Summary of this case from Michel v. United StatesOpinion
No. 14311.
July 7, 1928.
S.H. West and C.C. Handy, both of Cleveland, Ohio, for plaintiff.
A.E. Bernsteen, U.S. Atty., and Irene Nungesser, Asst. U.S. Atty., both of Cleveland, Ohio (C.M. Charest, Gen. Counsel, Bureau of Internal Revenue, and Henry M. Cox, Sp. Atty., Bureau of Internal Revenue, both of Washington, D.C., of counsel), for the United States.
At Law. Action by the Mahoning Coal Railroad Company and another against the United States. On demurrer to petition. Demurrer overruled.

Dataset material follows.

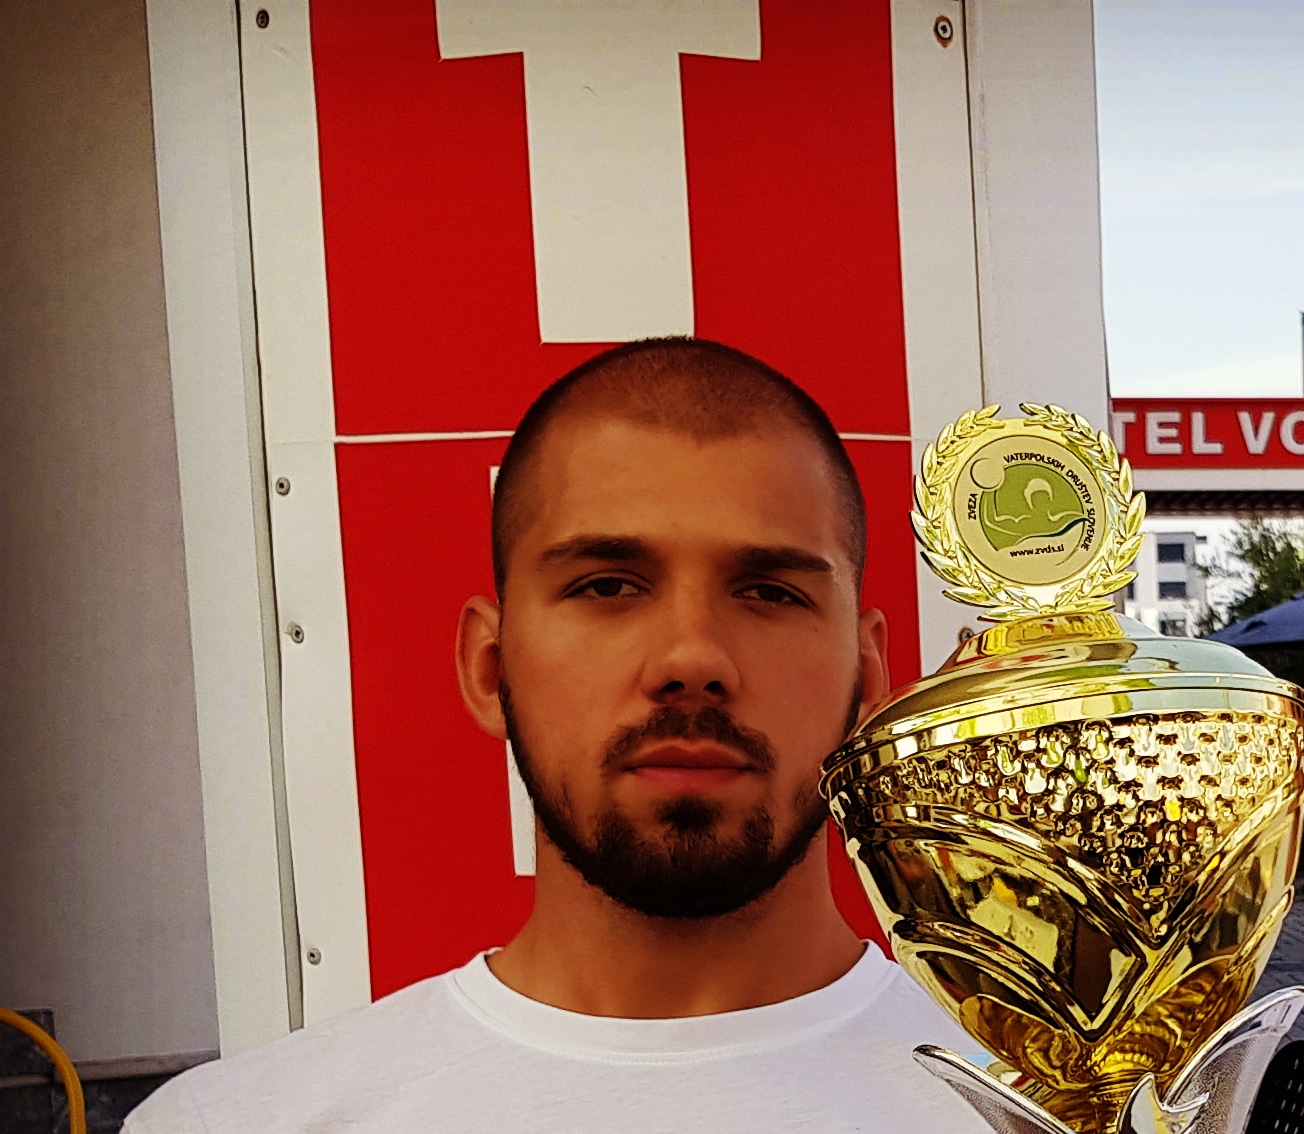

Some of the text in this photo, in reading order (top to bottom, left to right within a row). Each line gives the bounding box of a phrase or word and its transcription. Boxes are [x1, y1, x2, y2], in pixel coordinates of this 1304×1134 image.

This is a suit to recover taxes illegally assessed and collected. The government has demurred to the petition on the ground that the suit was not brought within the time limited for the commencement of such actions, as provided by section 3226 of the Revised Statutes, 26 USCA § 156. This section provides that suits of this character may not be commenced after the expiration of 5 years from the date of the payment of the tax, unless the suit is begun within 2 years after the disallowance of the claim sued upon, and further provides that the Commissioner shall within 90 days after disallowance notify the taxpayer by mail.
The claim for refund of tax was disallowed on January 27, 1925, and this suit was commenced February 4, 1927, or 8 days beyond the limit of the statute. The plaintiffs contend that they did not receive notice by mail from the Commissioner as to the disallowance of their claims, as provided by section 3226 of the Revised Statutes, and that they had no actual notice of the disallowance of their claims prior to the 2d day of February, 1927.
It is true that the government may not be sued, except upon such terms and conditions as are prescribed and permitted by statute, and, when such consent to be sued is given by Congress, no power exists in government officers to enlarge or extend the conditions of the right. The Commissioner of Internal Revenue cannot, of course, waive a statute of limitations or extend the time of commencing suit; but that Congress intended the notice by mail to the taxpayer to be an important condition of the limitation is, it seems to me, quite evident from its incorporation in section 3226. No other purpose may be reasonably discerned in such provision. It was put there to notify the taxpayer of the tolling of the statute, and he should be entitled to the benefit of such provision. If the officer of the government cannot waive the statute, surely Congress never intended that his failure to comply with an express mandatory provision of the statute should defeat the right given to the taxpayer. There is no reason for believing that the notice by mail, required to be given, was any less a condition of the right to sue than any other part of the statute.
The demurrer will be overruled, and exceptions noted.